CreditTony Cenicola/The New York Times
“My husband and I have different last names and then my kids all have my husband’s last name, so I’m the only Greer,” she said. No clues emerged from her magazine subscriptions or her Amazon account, she said, though she took a close look at the sports socks she bought for her father-in-law recently.
The error stood out to Ms. Greer given that many of the ads she sees online tend to be “freaky on point.” For example, she often likes posts on Facebook related to the St. Louis Cardinals, her hometown baseball team, and the University of Alabama football team, she said, and recently saw an ad for a shirt that read, “My two passions in life are the St. Louis Cardinals and the Crimson Tide.”
“That was creepily specific to me to the point it’s disconcerting,” she said.
The razor was a harmless mistake at the opposite end of the spectrum and so entertaining that she wondered if Gillette did it on purpose in hopes of getting people to post about it on social media, she said.
Bret Dodson, a 48-year-old in Seattle who works in cancer research, posted to Facebook about receiving the package on June 27, joking that the company was “only 30 and a half years late.” He said in an interview that he had not liked or followed the brand on social media or made any online purchases that would indicate he was 18. He assumed the company had bought a faulty batch of data that skewed some of its mailings.
“I work with a bunch of young people and so I’m very frequently joking about ‘us hip young millennials,’” he said. “But I don’t think I’ve ever entered myself as a millennial online because I don’t know what I’d put as my date of birth. Maybe Gillette is really good with data mining and they know I joke about being younger than I am.”
Gillette has been under pressure in recent years as it has lost market share to online upstarts, including Dollar Shave Club, which was purchased last year by Unilever. The birthday mailings include a promotion for an on-demand service from Gillette, which allows people to reorder blades using text messages. Razors and shaving-related products account for 11 percent of Procter & Gamble’s annual sales and 15 percent of its earnings.

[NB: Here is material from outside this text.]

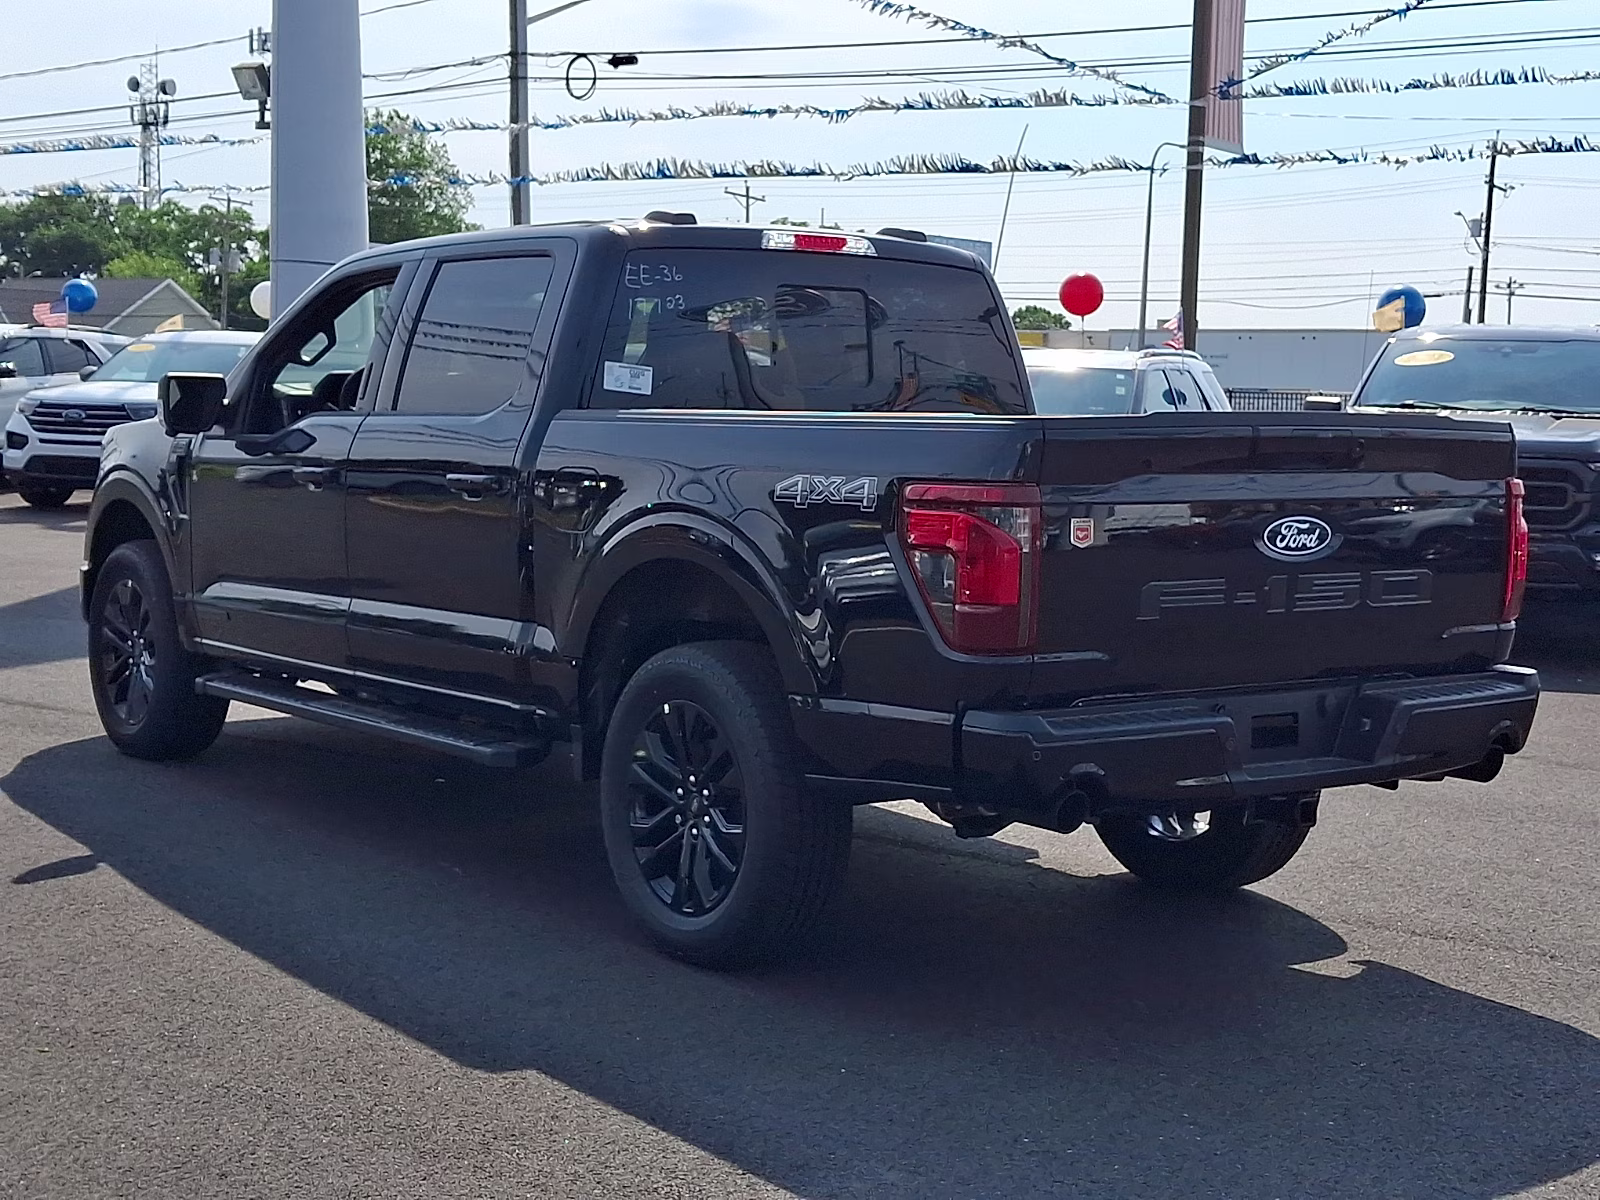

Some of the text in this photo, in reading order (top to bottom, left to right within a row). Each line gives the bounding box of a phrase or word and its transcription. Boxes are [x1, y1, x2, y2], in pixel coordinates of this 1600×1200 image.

[625, 262, 683, 288] EE-36
[1275, 521, 1320, 548] Ford
[1136, 569, 1432, 620] F-150

Barbara Diecker, a spokeswoman for Gillette, said the number of mix-ups was “very small” over all. She added, however, that such reports might increase after bigger mailings and that the brand had “just sent out a fairly large shipment over the last few weeks.”
“As you can imagine, it takes a lot of data to reach two million men — and there are a number of steps between identifying the men, securing shipping information and then fulfilling the razors,” she said. “When dealing with such a large volume over a period of time, there are apt to be some mishaps.”